Or did she? Boxer asserted on that painfully depressing day on the Senate
floor that she was "joining with Congresswoman Stephanie Tubbs Jones" not
to claim that George W. Bush had stolen the presidency (again), oh, no;
but rather "to cast the light of truth on a flawed [balloting] system
which must be fixed now."

Nice try, Barb, but a little late. Sure it was brave of you to
inconvenience your 99 fellow clubbies for a couple of hours. But it wasn't
enough. Not by a long shot. It falls just a smidgeon short of using your
center stage moment to tell the world the harsh truth, that what it was
witnessing that day was nothing less than the final nail being
unceremoniously pounded into the coffin of our democratic republic and the
official birth of American Fascism.

In fairness, there are a handful of Dems who do have real guts, folks like
John Conyers, Jr., Dennis Kucinich, Cynthia McKinney and Barbara Lee. But
they've all been marginalized to one extent or another by their whore, er,
more "practical" political sisters and brothers.

If, genuinely dear reader, your understandable great white-knuckled hope
is for fresh blood to somehow reinvigorate the Democratic Party, forget
it. Any Dem newbie who doesn't play by the rulers' rules -- which in
BushWorld means keeping one's mouth shut and protecting one's precious
little piece of allotted turf for fear of certain incriminating photos
hitting the 'Net or family members being disappeared -- finds it's not all
that long before his or her very own party's old guard is issuing pointed
instructions on how to maintain one's proper place in the scheming scheme
of things lest there be a noticeable lack of party machine support come
the next faux voting cycle.

Speaking of pointless exercises: A friend in Canada suggests we Americans
at least have some fun with the election charade we insist on holding
biannually. (Hey, if we're going to get screwed, we might as well enjoy
it, eh?) For real kicks and giggles, he says, we ought to, all of us, vote
Republican.  Then, upon exiting the polls, act like one. In other words,
lie. Say, "I'm a registered Democrat and I always vote the party line."
When the exit polls show 50-50 (or whatever is announced) but the
Republicans see they don't have to fiddle with the votes and in their
hubristic giddiness allow the announcement of the real 100% total, they'll
have a whole lot of "splainin" to do (although, ironically, they're
telling the truth for once!). Plus, in this scenario, the Snakes are left
to collectively stand naked (a revolting mental image;  sorry) and be seen
for what they truly are: the one-party puppets of the real power holders,
big bidness. On the other hand, if the announced "official" numbers are
instead the now-traditional 52-48% GOP winning margin, this is additional
proof, then, that the results are pre-programmed."

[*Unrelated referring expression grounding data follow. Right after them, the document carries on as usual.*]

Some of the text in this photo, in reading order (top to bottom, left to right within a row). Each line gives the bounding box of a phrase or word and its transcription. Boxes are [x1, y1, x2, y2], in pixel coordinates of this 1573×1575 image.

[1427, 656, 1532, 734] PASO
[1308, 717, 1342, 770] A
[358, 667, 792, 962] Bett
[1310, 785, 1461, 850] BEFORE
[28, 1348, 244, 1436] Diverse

After all, my friend asks, "How bad can it get?" Indeed. In fact, I think
his plan has real merit, for it only prolongs our ongoing agony to keep
any Dems around at all.  It's been obvious for years how utterly
ineffective they are, but it is much worse than that, as their continuing
presence provides the Bushian fascists with a patina of legitimacy, making
it appear to the less astute (and we know how many of those there are)
that some sort of democratic process still exists in America. Believe me,
the last thing the Rethuglicans want is for all the Dems to split.

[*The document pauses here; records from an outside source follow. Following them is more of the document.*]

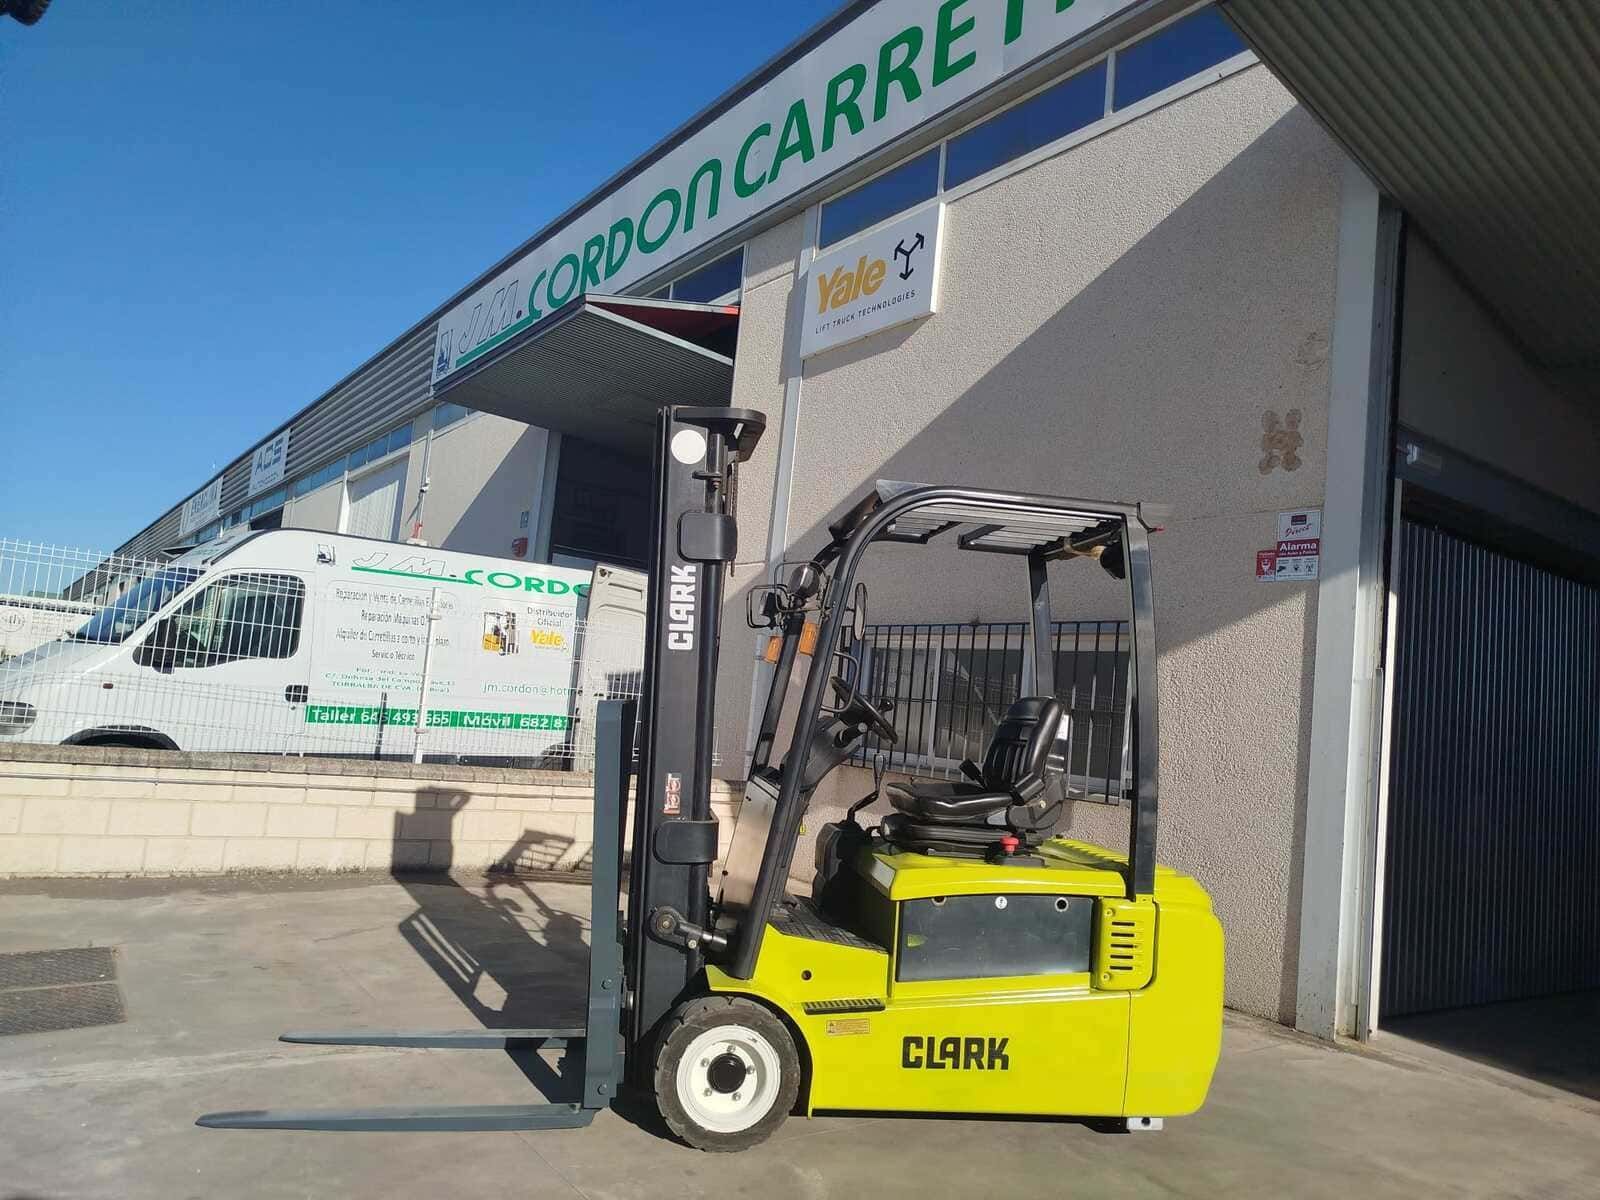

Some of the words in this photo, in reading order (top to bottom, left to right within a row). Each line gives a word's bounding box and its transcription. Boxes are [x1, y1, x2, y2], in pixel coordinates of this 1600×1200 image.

[817, 255, 887, 314] Yale
[815, 322, 830, 334] LIFT
[832, 313, 855, 328] TRUCK
[858, 289, 916, 318] TECHNOLOGIES
[1280, 542, 1317, 550] Alarma
[527, 606, 572, 618] Distribuidor
[668, 564, 697, 651] CLARK
[530, 629, 564, 646] Yale
[312, 709, 356, 722] Taller
[463, 715, 511, 726] Móvil
[520, 716, 549, 727] 682
[901, 1035, 1010, 1071] CLARK

Although, frankly, I guess it wouldn't matter all that much if they did. I
have long contended that when it comes right down to it, when it is
necessary, when Bushco's cover is at last fully blown, when enough
Americans have finally had enough and take to the streets in sufficient
numbers to rattle some cages, they'll find tanks -- and cops and soldiers
and mercenaries and helicopters and dogs and teargas and bullets and
truncheons and hoses and horses and trucks and buses (gotta get people to
those _Halliburton-constructed "temporary detention" facilities_
(http://www.halliburton.com/default/main/halliburton/eng/news/source_files/news.jsp?newsurl=/default/main/halliburton)
somehow)  -- to meet them.

The Bushies have slaughtered over 100,00 Iraqis (possibly up to a quarter
million, per Dahr Jamail), sent more than 2300 U.S. soldiers to needless
deaths, allowed 1400 Americans to drown and die of thirst in Katrina's
wake and most likely murdered 3000 of our own countrymen and women in New
York, D.C. and Pennsylvania.

Blowing Americans away in the streets? Small potatoes.

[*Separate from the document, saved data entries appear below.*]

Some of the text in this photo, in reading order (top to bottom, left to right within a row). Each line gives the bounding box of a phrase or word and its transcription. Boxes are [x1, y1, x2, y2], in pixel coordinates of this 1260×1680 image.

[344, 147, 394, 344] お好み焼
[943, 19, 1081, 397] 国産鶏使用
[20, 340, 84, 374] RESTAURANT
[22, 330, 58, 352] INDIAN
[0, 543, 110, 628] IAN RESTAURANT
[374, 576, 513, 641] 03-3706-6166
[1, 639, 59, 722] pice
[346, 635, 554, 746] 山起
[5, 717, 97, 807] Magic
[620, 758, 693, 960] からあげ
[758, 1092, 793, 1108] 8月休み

I don't care how many useless votes are cast or how many fine candidates
there seem to be: The more-equal animals are not leaving of their own
accord, and the complicit Democrats have enabled them to stay hog-slop
happy in charge every sickening, self-serving step of the way.

We are entirely on our own, folks, and have been for a long time. If we
are to ever survive the pure hell in which America is squarely mired, it
is up to us -- and only us -- to pull her out. No one else is gonna do it.
Nobody is gonna save us. The longer we wring our hands and furrow our
brows, the worse it gets.  Meanwhile, the rest of an exasperated and
threatened world is looking on with horror and going:

Stop it, just stop it. Stop it now.

Mark Drolette is a political satirist/commentator who lives in Sacramento,
California. He can be reached at: _mdrolette [at] comcast.net_
(mailto:mdrolette [at] comcast.net) .  Copyright © 2006 Mark Drolette. All
rights reserved.


--------17 of 19--------

When Will Democrats Break With Bush?
The Nation - Apr 9, 2006
http://www.thenation.com/blogs/thebeat?pid=76072

In light of the news that President Bush authorized a top Administration
aide to use previously classified information as part of an orchestrated
political attack on a prominent critic of the Administration, a radio host
asked me over the weekend: "What will it take to get Republicans to break
with Bush? How bad will things have to get before they realize that he's a
disaster for the country?"

I answered that, in small but significant ways, Republicans have been
breaking with Bush for some time now. When the President travels to states
around the country to pump up support for his war, he often does so
without the accompaniment of GOP members of Congress who find that they
are otherwise engaged on the days that the Commander in Chief drops by
their hometowns. While most leading Republicans refuse to admit as much
publicly, they are putting more and more distance between themselves and a
President whose approval rating has dropped to Nixon-in-Watergate depths.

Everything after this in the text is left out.